<< Back >>
MENEROPONG HANTU KOMUNIS-BANGSAT

ANALISIS

Pada Pemilu 1955 PKI menempati urutan keempat.

Dimasa Orde Baru mereka memilih jalur aman : mencoblos Golkar.

Pada Pemilu nanti, partai yang berhasil mengambil suara mereka bisa memenangkan Pemilu 1999. Peluang siapa?

     Dalam skripsinya yang ditulis 1969, Arbi Sanit menyebutkan Partai Komunis Indonesia (PKI) mengklaim di tahun 1963 memiliki 2,5 juta anggota. Sedangkan ormas onderbouwnya memiliki 10 juta anggota - 8,5 juta di antaranya diklaim sebagai anggota Barisan Tani Indonesia.

     Klaim itu boleh jadi tak mengada-ada. Pada Pemilu 1955 saja PKI telah meraih 6.176.914 suara atau 16,4 persen - menduduki urutan keempat setelah PNI (22,3 persen), Masjumi (20,9 persen), dan NU (18,4 persen). Sementara partai-partai lain hanya meraih suara di bawah tiga persen.
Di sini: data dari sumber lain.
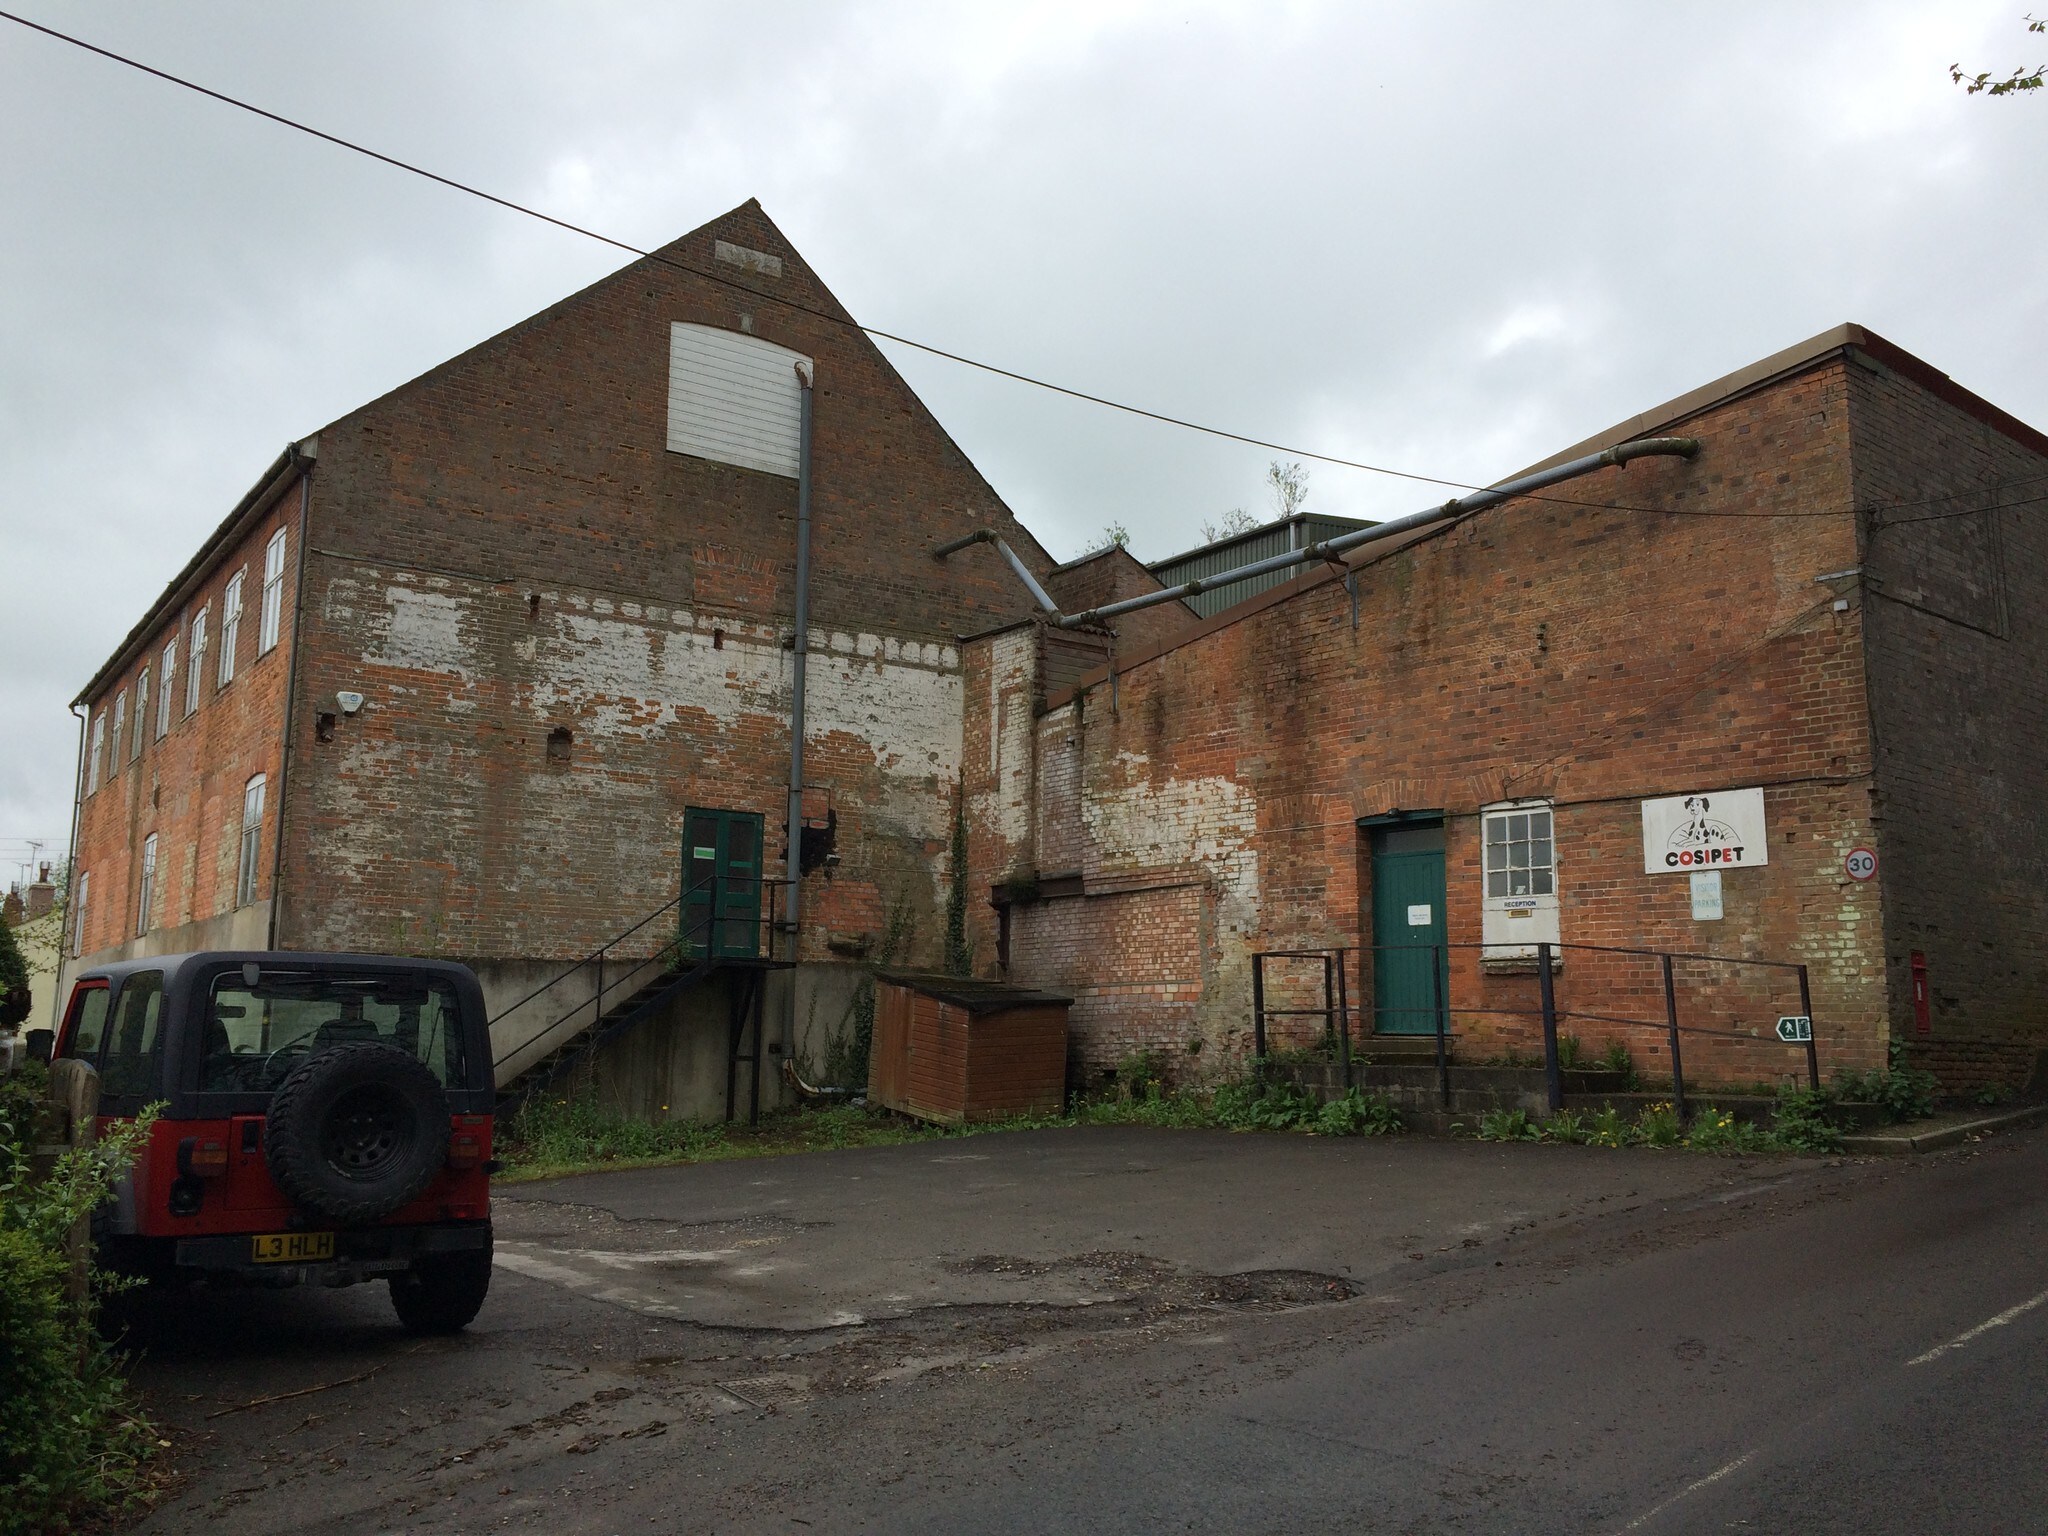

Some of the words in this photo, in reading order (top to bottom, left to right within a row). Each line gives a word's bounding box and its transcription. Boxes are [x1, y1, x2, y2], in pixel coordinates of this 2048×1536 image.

[1665, 847, 1744, 867] COSIPET
[1849, 857, 1874, 872] 30
[1504, 900, 1536, 908] RECEPTION
[1694, 898, 1720, 908] PARKING
[254, 1237, 282, 1258] L3
[289, 1234, 331, 1256] HLH
     Namun, sejarah kemudian berputar. Pada 1965 - 1966, pasca G30S/PKI, ratusan ribu orang yang diindikasikan memiliki kaitan dengan organisasi yang dipimpin Dipo Nusantara Aidit itu dibunuh. Buku-buku sejarah juga menyebutkan jutaan lagi ditahan. Dan kini, setelah dibebaskan, kemanakah mereka, seberapa besar pula suara mereka.

     Jika kemenangan PKI diandaikan terulang dalam Pemilu 1999 ini, 16,4 persen di kemenangan PKI pada Pemilu 1955 itu sama dengan 20.457.507 orang. Bila per kursi mewakili 400 ribu suara seperti yang disepakati Komisi Pemilihan Umum, kemenangan itu berarti sama dengan 51 kursi DPR. Betapa besar suara mereka.

     Hitung-hitungan itu akan lebih kecil bila asumsi jumlah pemilih - seperti diperkirakan pengamat politik dari LIPI Samsudin Haris - hanya 60 persen dari angka total pemilih pada Pemilu 1997 sebanyak 124.740.897 orang. Atau : 74.844.538 orang.

     Angka kemenangan 16,4 persen itu berarti 12.274.504 orang atau 31 kursi. Ini pun kursi yang cukup besar.

     Persoalannya, adakah kini para kader dan pendukung PKI tersebut masih terajut dalam satu ikatan, minimal secara emosional? Inilah pertanyaan yang sulit dijawab. Yang pasti organisasi PKI sudah mati, setidaknya telah dilarang sejak rezim Orde Baru, dan tak pernah muncul ke permukaan. Kendatipun selalu saja ABRI mengingatkan bahaya laten komunis.

     Dimasa Orde Baru, jika pemerintah atau sebagaian pengamat dan politisi mengingatkan bahaya laten komunis, mereka segera diteriaki sebagai membicarakan hantu di siang bolong, alias omong kosong. Walau begitu, pers tetap saja gemar memuat pernyataan pemerintah atau sebagian pengamat dan politisi tersebut.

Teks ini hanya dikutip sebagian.